• What is expected:
Type out the lines below exactly, pictures excluded.

• Exercise materials:
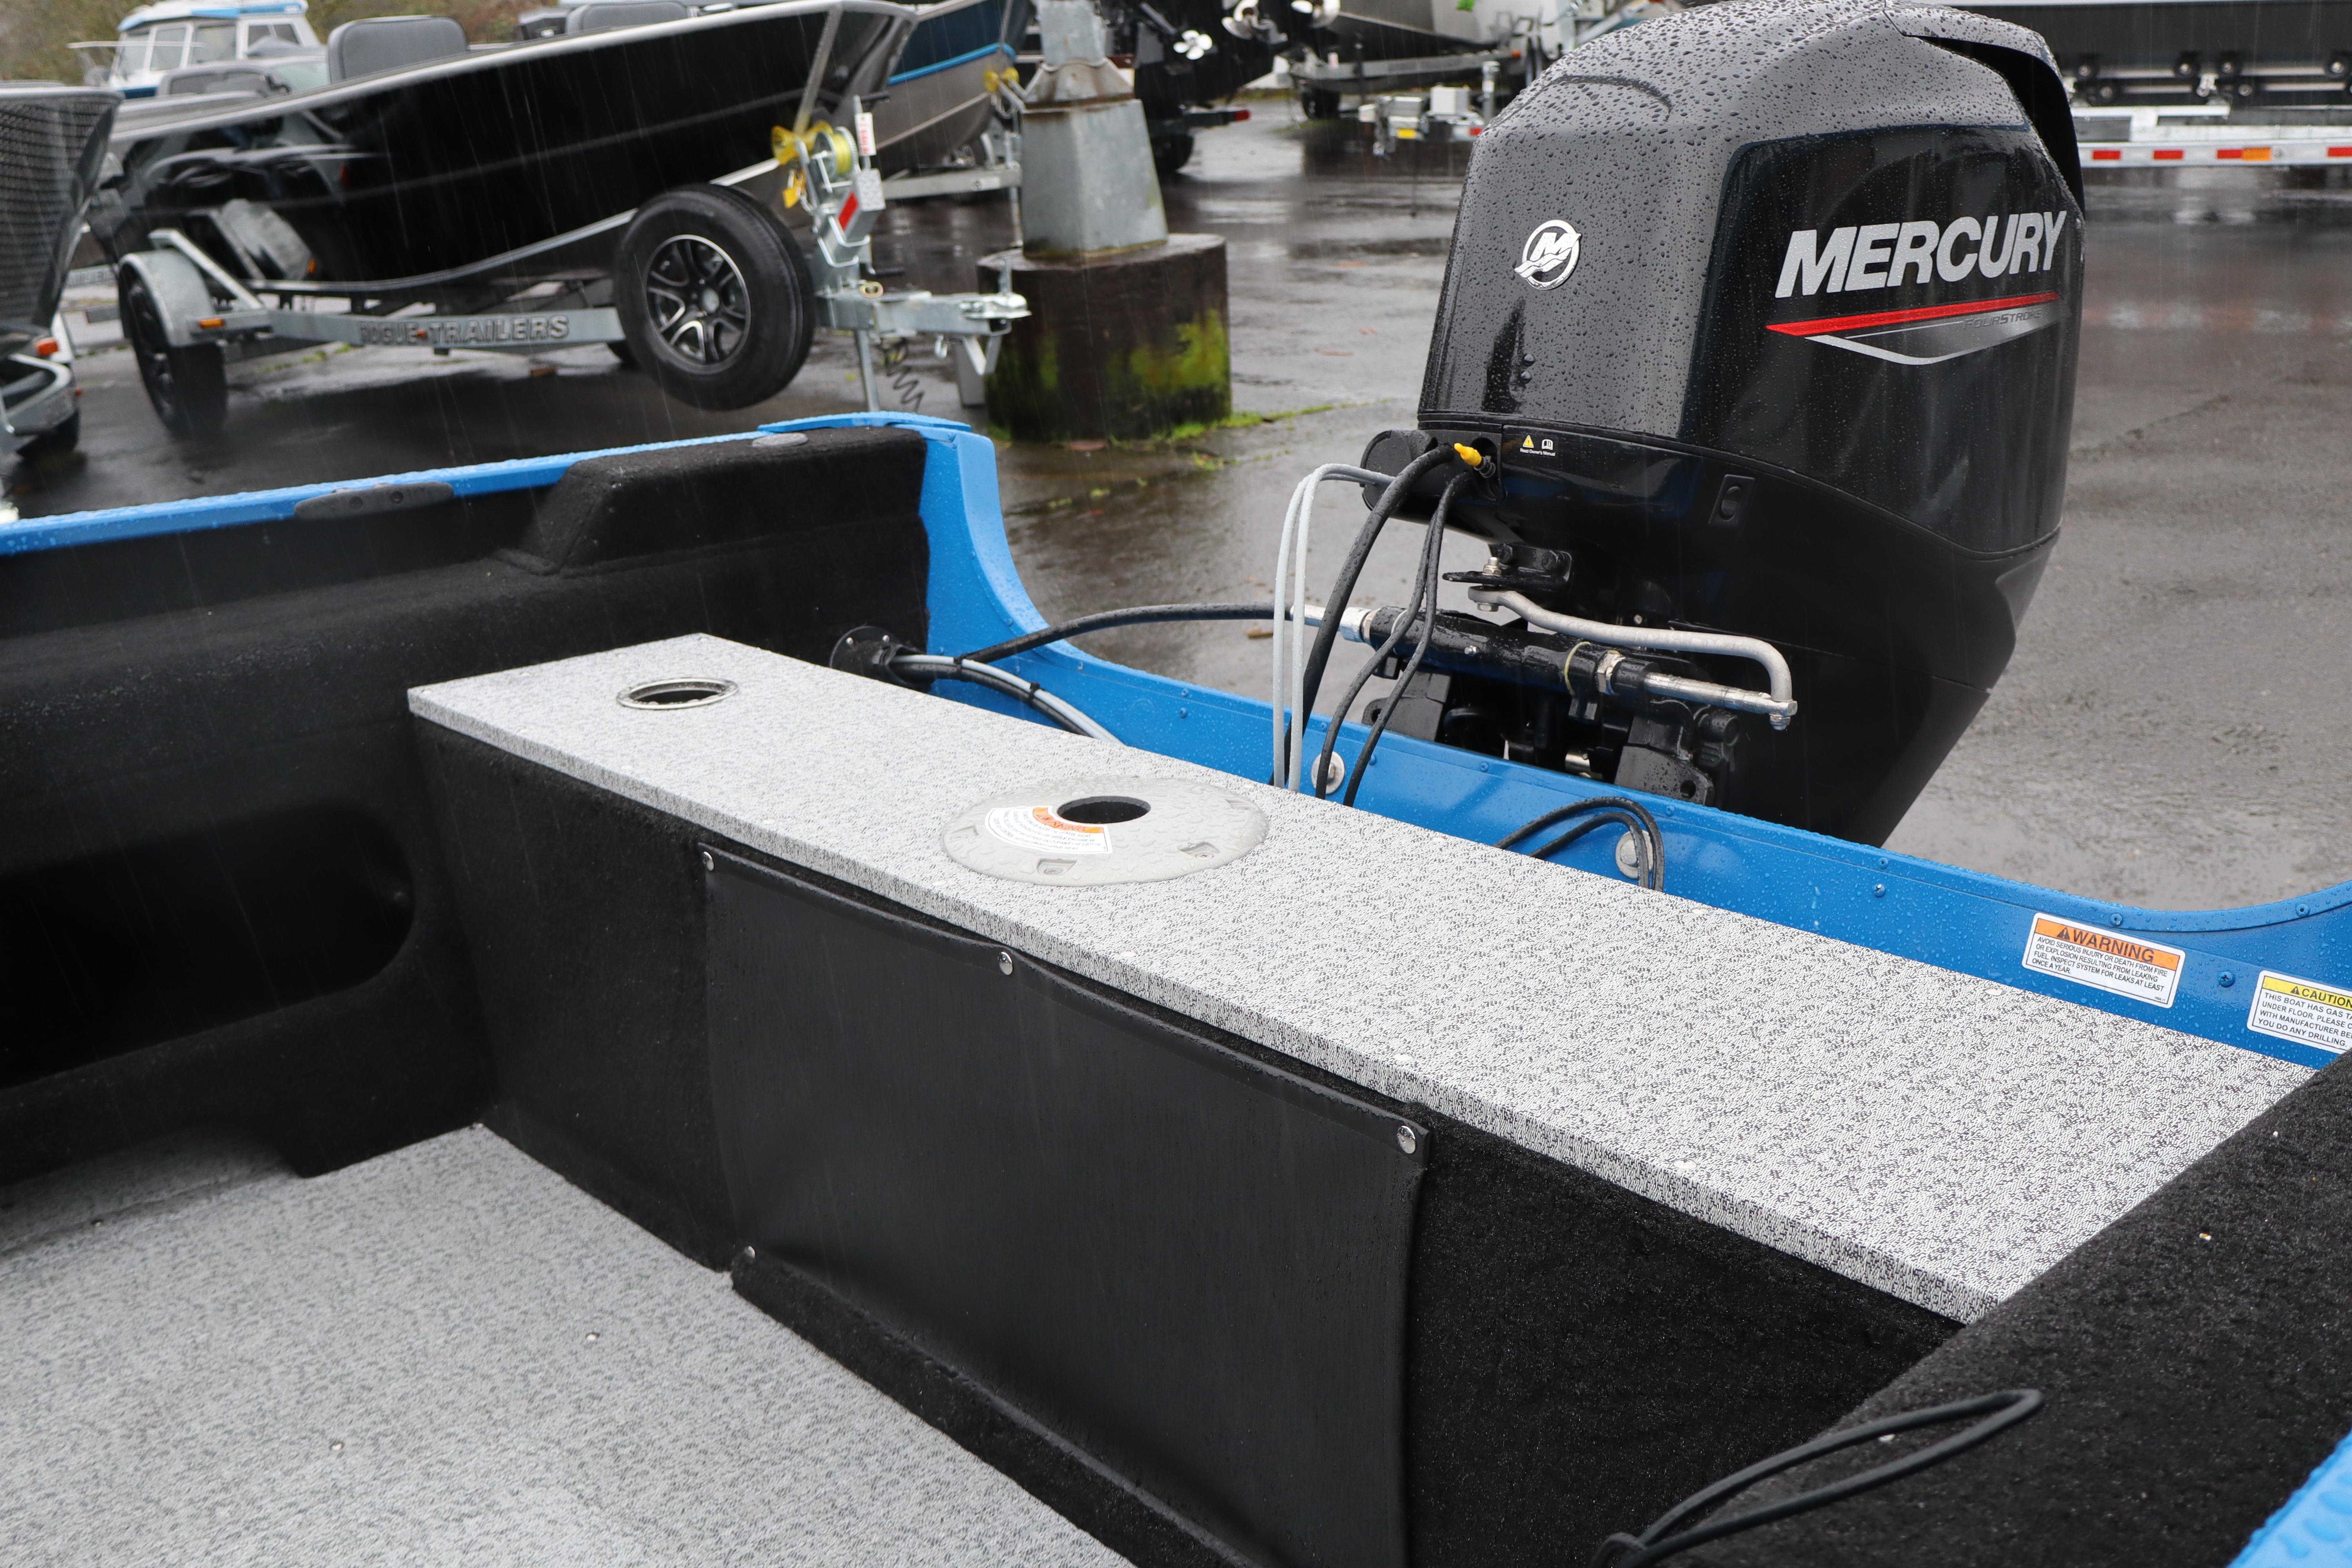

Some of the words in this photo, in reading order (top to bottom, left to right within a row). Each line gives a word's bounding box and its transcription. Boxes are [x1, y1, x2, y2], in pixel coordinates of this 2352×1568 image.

[1775, 211, 2066, 298] MERCURY
[429, 314, 569, 344] TRAILERS
[2038, 936, 2055, 946] AVOID
[2056, 942, 2081, 953] SERIOUS
[2083, 948, 2104, 959] INJURY
[2114, 957, 2134, 967] DEATH
[2136, 963, 2153, 973] FROM
[2154, 968, 2168, 977] FIRE
[2074, 929, 2154, 963] WARNING
[2032, 958, 2049, 967] ONCE
[2045, 946, 2078, 961] EXPLOSION
[2079, 956, 2112, 969] RESULTING
[2113, 965, 2130, 975] FROM
[2131, 971, 2158, 982] LEAKING
[2051, 956, 2076, 967] INSPECT
[2076, 963, 2100, 974] SYSTEM
[2115, 974, 2135, 984] LEAKS
[2144, 981, 2165, 991] LEAST
[2265, 992, 2282, 1002] THIS
[2284, 998, 2306, 1007] BOAT
[2307, 1004, 2324, 1012] HAS
[2326, 1008, 2343, 1017] GAS
[2302, 989, 2352, 1008] CAUTION
[2260, 1009, 2278, 1019] WITH
[2279, 1015, 2339, 1035] MANUFACTURER
[2262, 1001, 2287, 1013] UNDER
[2288, 1008, 2314, 1019] FLOOR.
[2317, 1015, 2346, 1027] PLEASE
[2258, 1018, 2274, 1027] YOU
[2308, 1032, 2347, 1047] DRILLING.
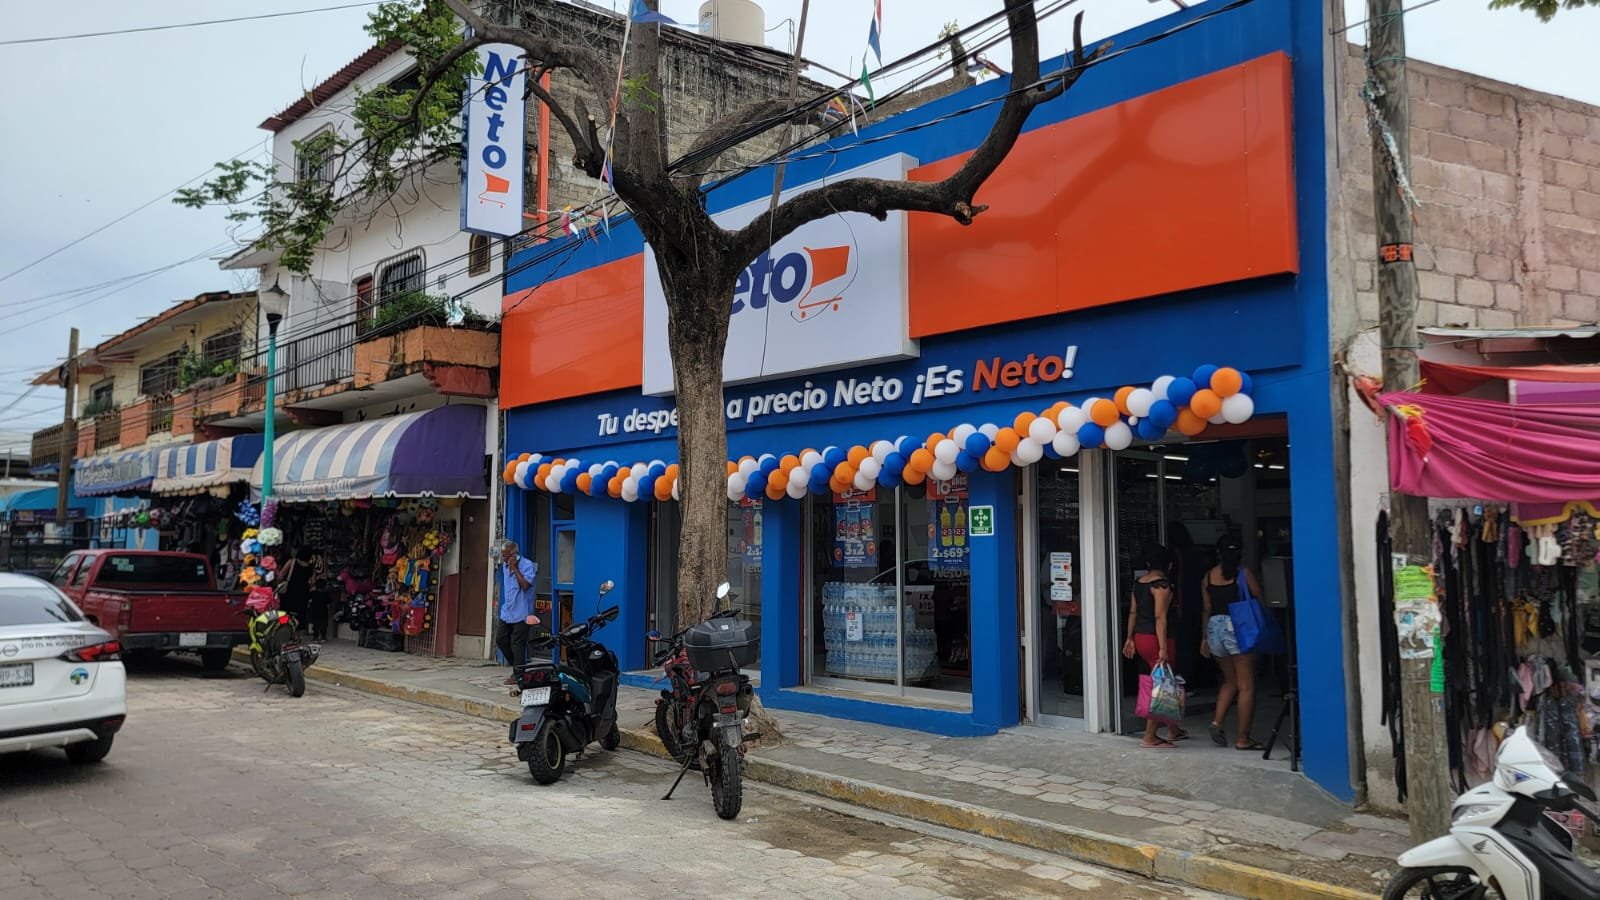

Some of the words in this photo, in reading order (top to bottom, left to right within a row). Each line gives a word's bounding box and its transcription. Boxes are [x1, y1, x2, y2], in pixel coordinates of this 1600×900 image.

• Written answer:
Some of the words in this photo, in reading order (top to bottom, left to right within a row). Each line gives a word's bounding box and its transcription. Boxes are [x1, y1, x2, y2], in pixel coordinates of this 2352×1568 image.

[1775, 211, 2066, 298] MERCURY
[429, 314, 569, 344] TRAILERS
[2038, 936, 2055, 946] AVOID
[2056, 942, 2081, 953] SERIOUS
[2083, 948, 2104, 959] INJURY
[2114, 957, 2134, 967] DEATH
[2136, 963, 2153, 973] FROM
[2154, 968, 2168, 977] FIRE
[2074, 929, 2154, 963] WARNING
[2032, 958, 2049, 967] ONCE
[2045, 946, 2078, 961] EXPLOSION
[2079, 956, 2112, 969] RESULTING
[2113, 965, 2130, 975] FROM
[2131, 971, 2158, 982] LEAKING
[2051, 956, 2076, 967] INSPECT
[2076, 963, 2100, 974] SYSTEM
[2115, 974, 2135, 984] LEAKS
[2144, 981, 2165, 991] LEAST
[2265, 992, 2282, 1002] THIS
[2284, 998, 2306, 1007] BOAT
[2307, 1004, 2324, 1012] HAS
[2326, 1008, 2343, 1017] GAS
[2302, 989, 2352, 1008] CAUTION
[2260, 1009, 2278, 1019] WITH
[2279, 1015, 2339, 1035] MANUFACTURER
[2262, 1001, 2287, 1013] UNDER
[2288, 1008, 2314, 1019] FLOOR.
[2317, 1015, 2346, 1027] PLEASE
[2258, 1018, 2274, 1027] YOU
[2308, 1032, 2347, 1047] DRILLING.

Some of the words in this photo, in reading order (top to bottom, left to right within a row). Each line gives a word's bounding box and its transcription. Boxes are [x1, y1, x2, y2], in pixel coordinates of this 1600×900 image.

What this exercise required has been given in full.